Faraci 3

Jacklyn Faraci

October 19, 2010

ENGL357: Southern Literature

Summary/Critique: Elfenbein

In Anna Shannon Elfenbein’s essay American Racial and Sexual Mythology, she asserts that, “Chopin violated the expectations of her genteel readers by showing that sexual passion is no respecter of class or caste boundaries” (293). She deems The Awakening a reverse of the typical racial conception of black and white female passion of the time period and claims, “the novel collapsed the traditional categories that had long segregated ‘dark’ women and ‘white’ women in American literature and advanced a new conception of female desire that was colorblind and democratic” (292). Elfenbein begins her argument with the characterization of Chopin’s heroine Edna, who does not understand the social order she has been placed into and as she veers from the traditional path of a privileged white woman, Elfenbein notes that Chopin begins to implicitly contrast Edna, not with just other white women, but significantly with women of color,

…the dark women… make it possible for Chopin in her depiction of Edna, whose character is so much at odds with conventional views of woman’s nature, to subvert literary stereotype and popular prejudice (293).
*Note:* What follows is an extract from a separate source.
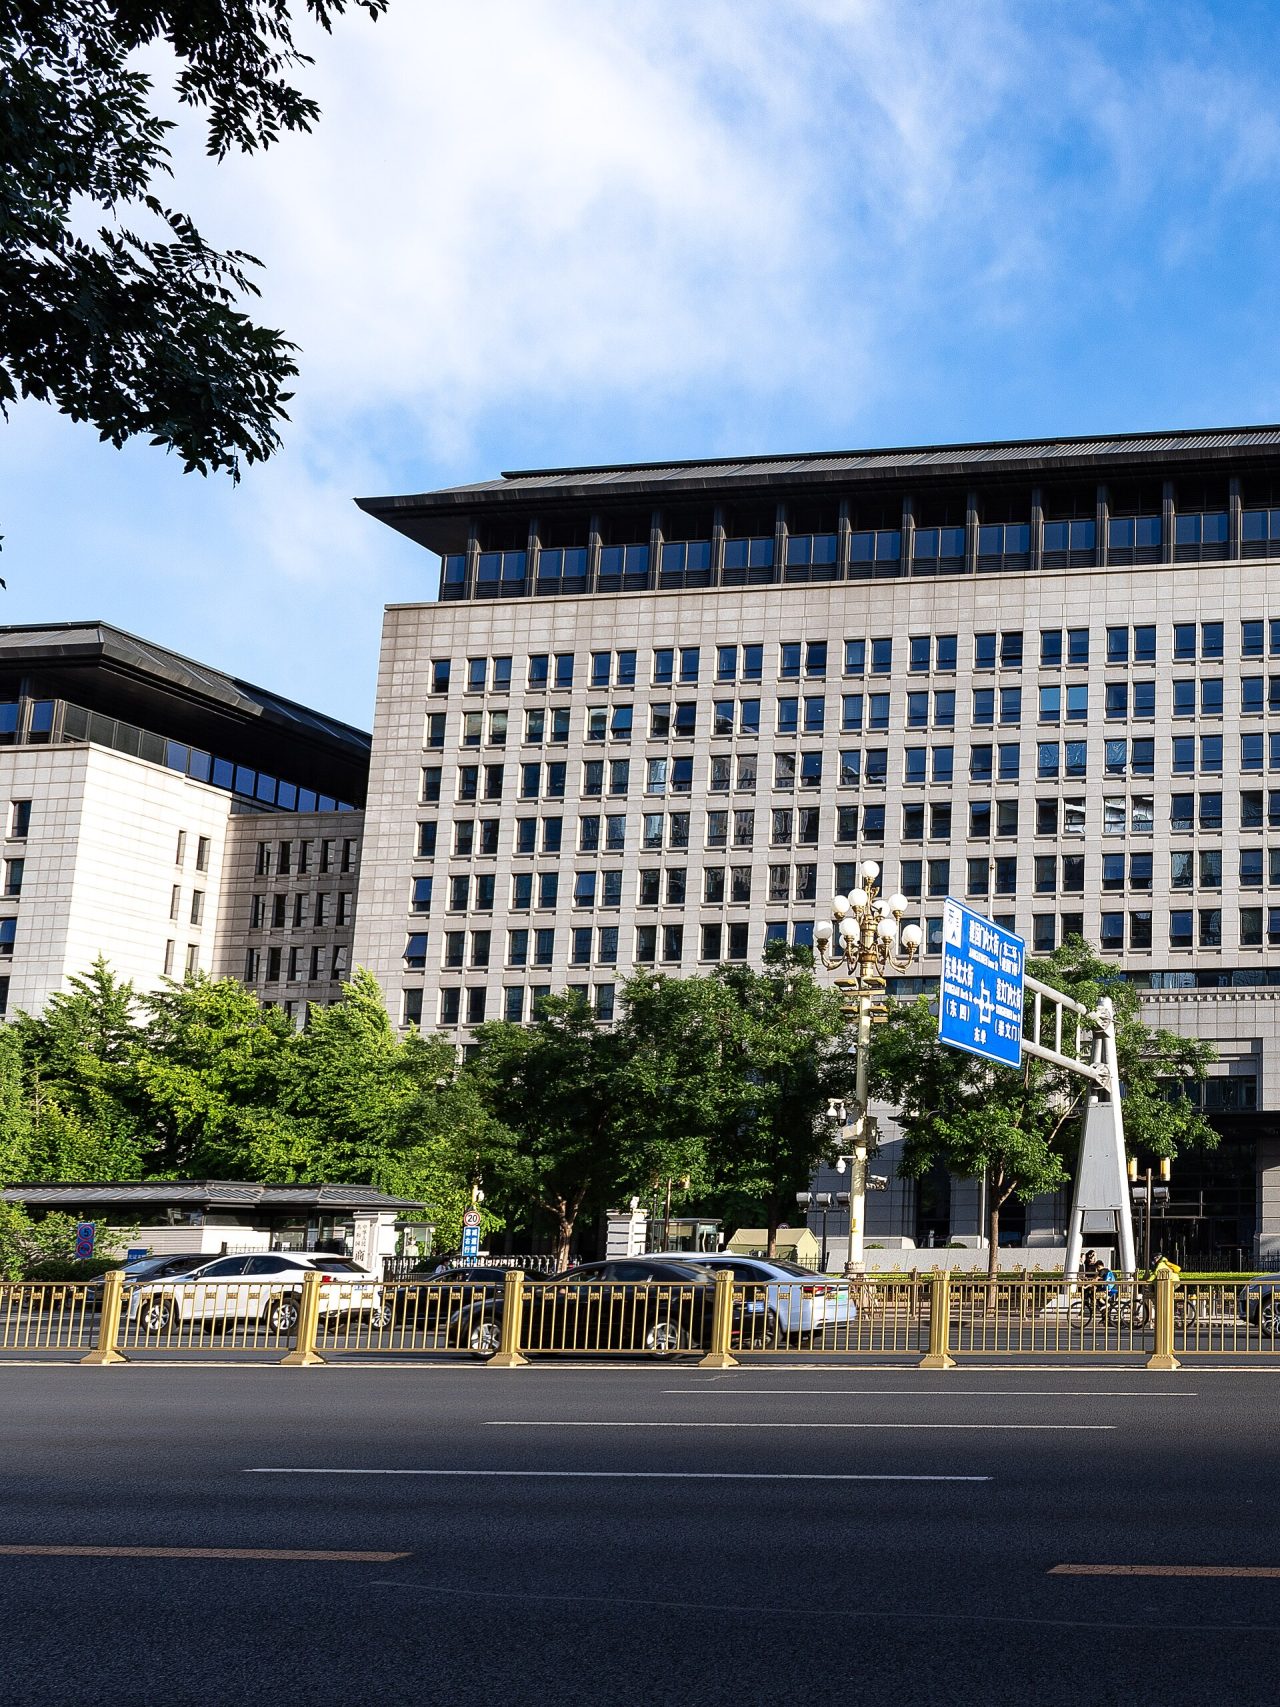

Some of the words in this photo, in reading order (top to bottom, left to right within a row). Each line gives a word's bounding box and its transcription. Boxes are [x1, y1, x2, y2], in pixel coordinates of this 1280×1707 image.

[945, 954, 974, 988] 东单北大街
[996, 977, 1021, 1010] 崇文门内大街
[974, 1027, 987, 1045] 东单
[467, 1214, 477, 1222] 20
In order to facilitate her argument, Elfenbein goes into Chopin’s individual racist assumptions, “… the novel’s realistic treatment of Edna’s interaction with these women exposes the sex and caste prejudices of Creole society” and goes on to provide several textual implications of Edna’s unthinking reliance on status values and what this does to her identity later on in the novel. Elfenbein concludes her argument by analyzing Edna’s choice in suicide. She asserts that Edna’s powerlessness to change her sexual nature is due to her remaining bounded by her society’s race and class prejudices.
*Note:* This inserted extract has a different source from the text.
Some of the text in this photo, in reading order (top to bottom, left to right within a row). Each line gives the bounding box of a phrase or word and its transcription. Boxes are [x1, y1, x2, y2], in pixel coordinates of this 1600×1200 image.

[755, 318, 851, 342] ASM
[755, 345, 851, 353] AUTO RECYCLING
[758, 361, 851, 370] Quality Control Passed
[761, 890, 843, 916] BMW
The inevitable consequence of her initial belief in her ability to venture further than other women of her class and of the caste, and of the class consciousness she shares with other privileged women, Edna’s suicide indicts both sexism and racism (298).

In these actions Elfenbein believes Chopin was able to “take her stand against the sexual stereotypes that deny women…not only the freedom and the opportunity, but even the ability to experience and express their diversity” (299).

Anna Shannon Elfenbein has a very interesting argument. Sexuality and race are both obvious themes to Kate Chopin’s novel, but I never thought to compare them together and I imagine this is why she has such a strong essay. Even if her argument was not necessarily believable, she provides her audience with plenty of textual evidence that supports her thesis. Her presentation of Edna’s comparison with the character Mariequita, “a peripheral but essential ‘dark’ woman character that Edna fatally misperceives” was very clear. Although all Edna could do was focus on Mariequita’s feet Elfenbein saw a larger importance in this juxtaposition of opposite characters. In her own words, this is done to “blur the racial categories established by men to control the sexuality if women and exposes the flawed vision of these two victims…” However, later on in the novel Edna comes across Mariequita once again and this time Edna is barefoot just like Mariequita once was. Elfenbein intriguingly finds the linkage of these two meetings significant because Edna, who assumed she was above Mariequita because of class status, has now become linked to” a class of women conventionally assumed to differ from privileged women” (297). I have never approved of the idea that Edna finally came to a complete ‘awakening’ before her death, therefore when Elfenbein makes her argument of Edna being forced to kill herself because she was too restricted by her privileged sex and race and not out of some selfless act of love, I am obligated to support her critique.

My main issue with Elfenbein’s argument was the overlooking of a majority of the other characters in the plot. I understand that her critique was based on the opposition of races in sexuality, but I believe the other characters’ racial and sexual values and choices had an equally strong impact on Edna’s choice of suicide in the end. Adele and Mademoiselle Reisz are only briefly mentioned in Elfenbein’s critique, “Edna is contrasted with other women… characters who occupy an unchanging space in the patriarchal society…these women present mutually exclusive options for Edna” (293). But I would argue that Adele and Reisz are more than just “mutually exclusive options.” They are two of the women who are constantly shaping Edna’s views and values throughout the novel. One is pulling her in the direction of traditional Catholic sexuality and the happiness of family life, while the other is nudging her towards a free spirit outlook on life and encouraging her to release all her inhibitions. If Edna can hardly perceive what she values individually, one cannot ignore the other forces that are constantly manipulating her. The same goes for the male characters in Edna’s life. She is so caught up in her imaginary lust for Alcee and Robert that she fails to comprehend what these men really value in race and sexuality, “Edna fails to see that her own status as an object of male possession is no different from that of women who serve as objects of male possession…” (297). Although Elfenbein makes a stable argument about what kind of impact characters of other races have on Edna, I think it is equally important to emphasize the impression every character made on Edna’s ideas of race and sexuality, because as the critic correctly states in her conclusion, “Edna’s suicide indicts both sexism and racism,” both being restrictions that the people around her would not allow her to escape (298).